Free-text object descriptions:
=====

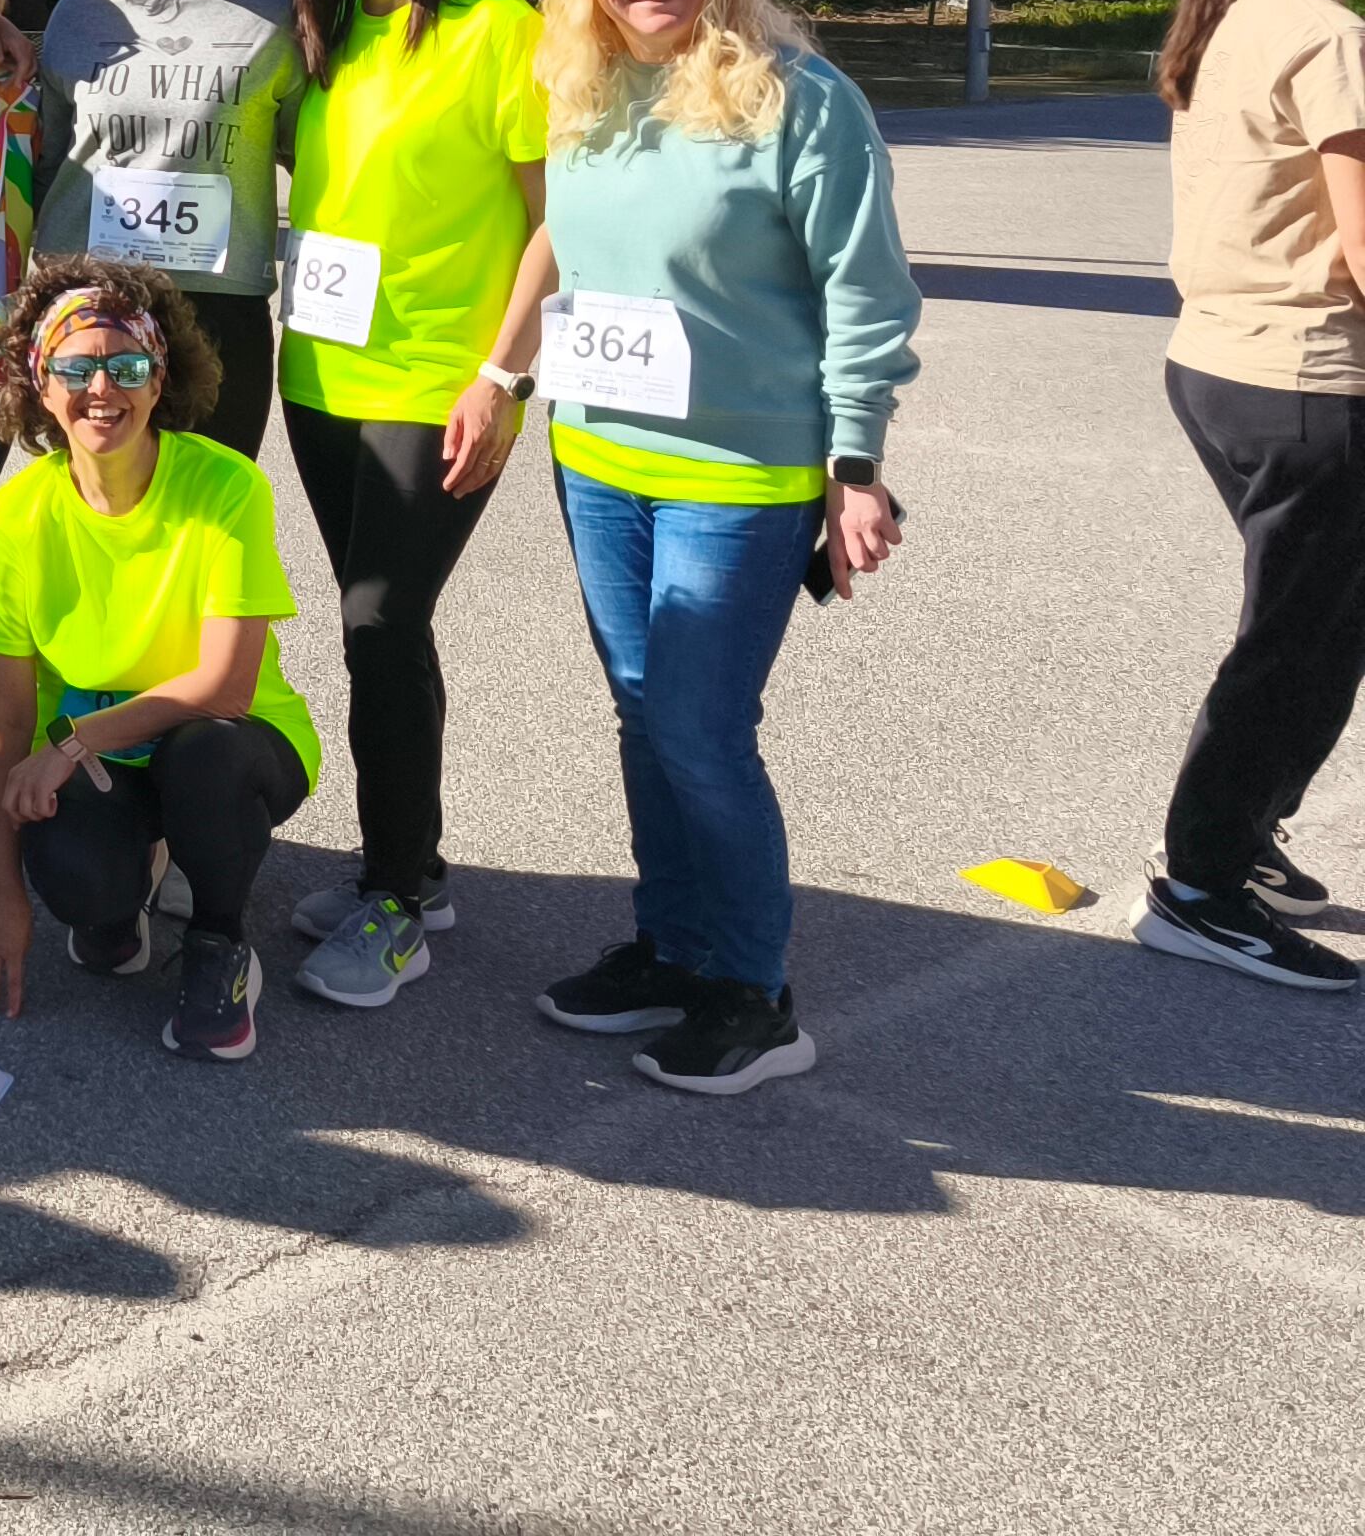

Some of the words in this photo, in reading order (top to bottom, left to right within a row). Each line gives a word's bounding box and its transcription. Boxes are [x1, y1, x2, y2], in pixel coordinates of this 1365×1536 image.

[87, 61, 130, 96] DO
[149, 64, 251, 106] WHAT
[87, 112, 147, 154] YOU
[161, 117, 242, 165] LOVE
[119, 197, 200, 235] 345
[573, 321, 655, 366] 364

=====

#### [WHAT THIS TASK INVOLVES]
Return the records exactly. Don't carry the pictures over.

#### [SOLUTION FOR THIS TASK]
Some of the words in this photo, in reading order (top to bottom, left to right within a row). Each line gives a word's bounding box and its transcription. Boxes are [x1, y1, x2, y2], in pixel coordinates of this 1365×1536 image.

[87, 61, 130, 96] DO
[149, 64, 251, 106] WHAT
[87, 112, 147, 154] YOU
[161, 117, 242, 165] LOVE
[119, 197, 200, 235] 345
[573, 321, 655, 366] 364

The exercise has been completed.